Finally, Purvis testified at trial. He told the jury he had consensual sexual contact with the victim in the shower. He claimed she “backed up to [him] and [his] penis went between her legs.” Purvis also testified that, following the shower, they had consensual sex in the bedroom. But he only put his penis “partway in” and stopped before ejaculating, he claimed. He admitted that, hours later, he “got mad and beat her up.” But he denied forcing her to have sex with him.

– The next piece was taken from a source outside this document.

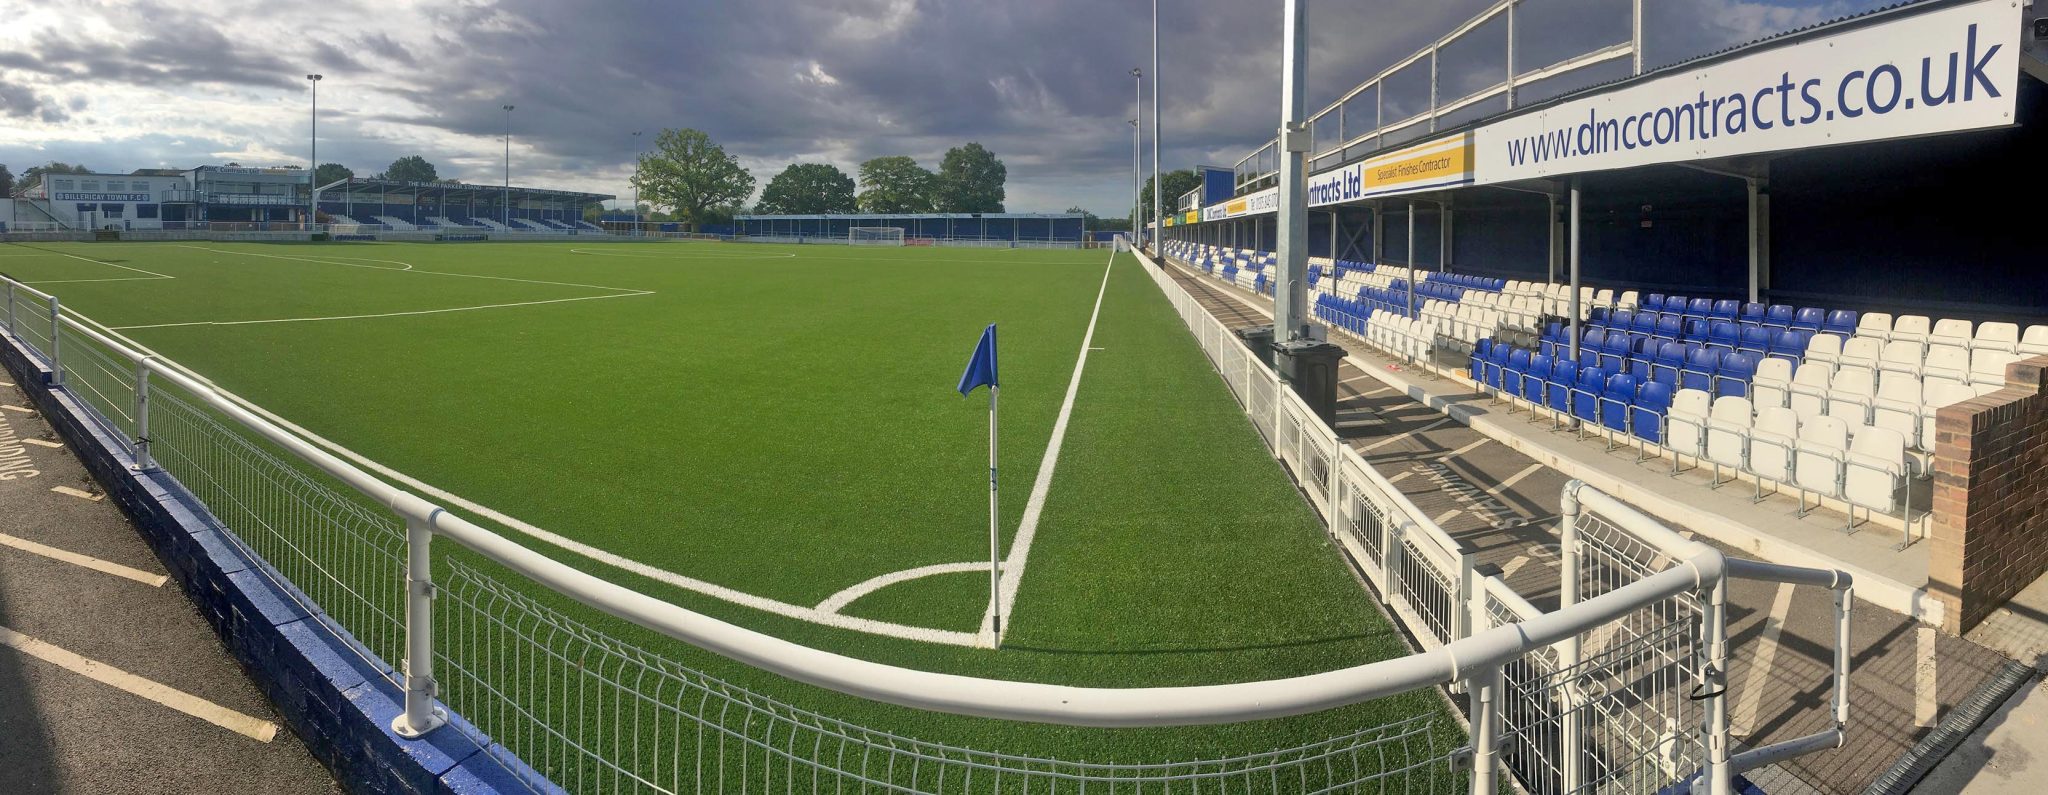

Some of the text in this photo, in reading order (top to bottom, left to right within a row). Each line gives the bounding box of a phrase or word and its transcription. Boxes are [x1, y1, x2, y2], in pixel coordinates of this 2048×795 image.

[1507, 23, 2003, 167] www.dmccontracts.co.uk
[1343, 164, 1361, 200] Ltd
[1377, 157, 1451, 183] Specialist Finishes Contractor

As noted, the jury ultimately found Purvis guilty as charged. Following his unsuccessful direct appeal, Purvis filed this postconviction-relief case. Purvis claims his trial counsel was ineffective. The district court concluded otherwise and dismissed Purvis's application. This appeal follows.

II. Standard of Review

“We review claims of ineffective assistance of counsel de novo.” King v. State, 797 N.W.2d 565, 570 (Iowa 2011). “In conducting our de novo review, ‘we give weight to the lower court's findings concerning witness credibility.’ ” Id. at 571 (citation omitted).

“To establish [a] claim of ineffective assistance of counsel,” the claimant must show their “trial counsel failed to perform an essential duty and counsel's failure resulted in constitutional prejudice.” State v. Walker, 935 N.W.2d 874, 881 (Iowa 2019). “The claimant must prove both elements by a preponderance of the evidence.” State v. Madsen, 813 N.W.2d 714, 724 (Iowa 2012).

To establish breach of an essential duty, the claimant must prove counsel “perform[ed] below the standard demanded of a reasonably competent attorney.” State v. Haas, 930 N.W.2d 699, 703 (Iowa 2019) (citation omitted). “In analyzing the [claimant]’s claims, we ‘must indulge a strong presumption that counsel's conduct falls within the wide range of reasonable professional assistance ․’ ” Id. (citation omitted). So the claimant “must overcome the presumption that, under the circumstances, the challenged action ‘might be considered sound trial strategy.’ ” Id. (citation omitted).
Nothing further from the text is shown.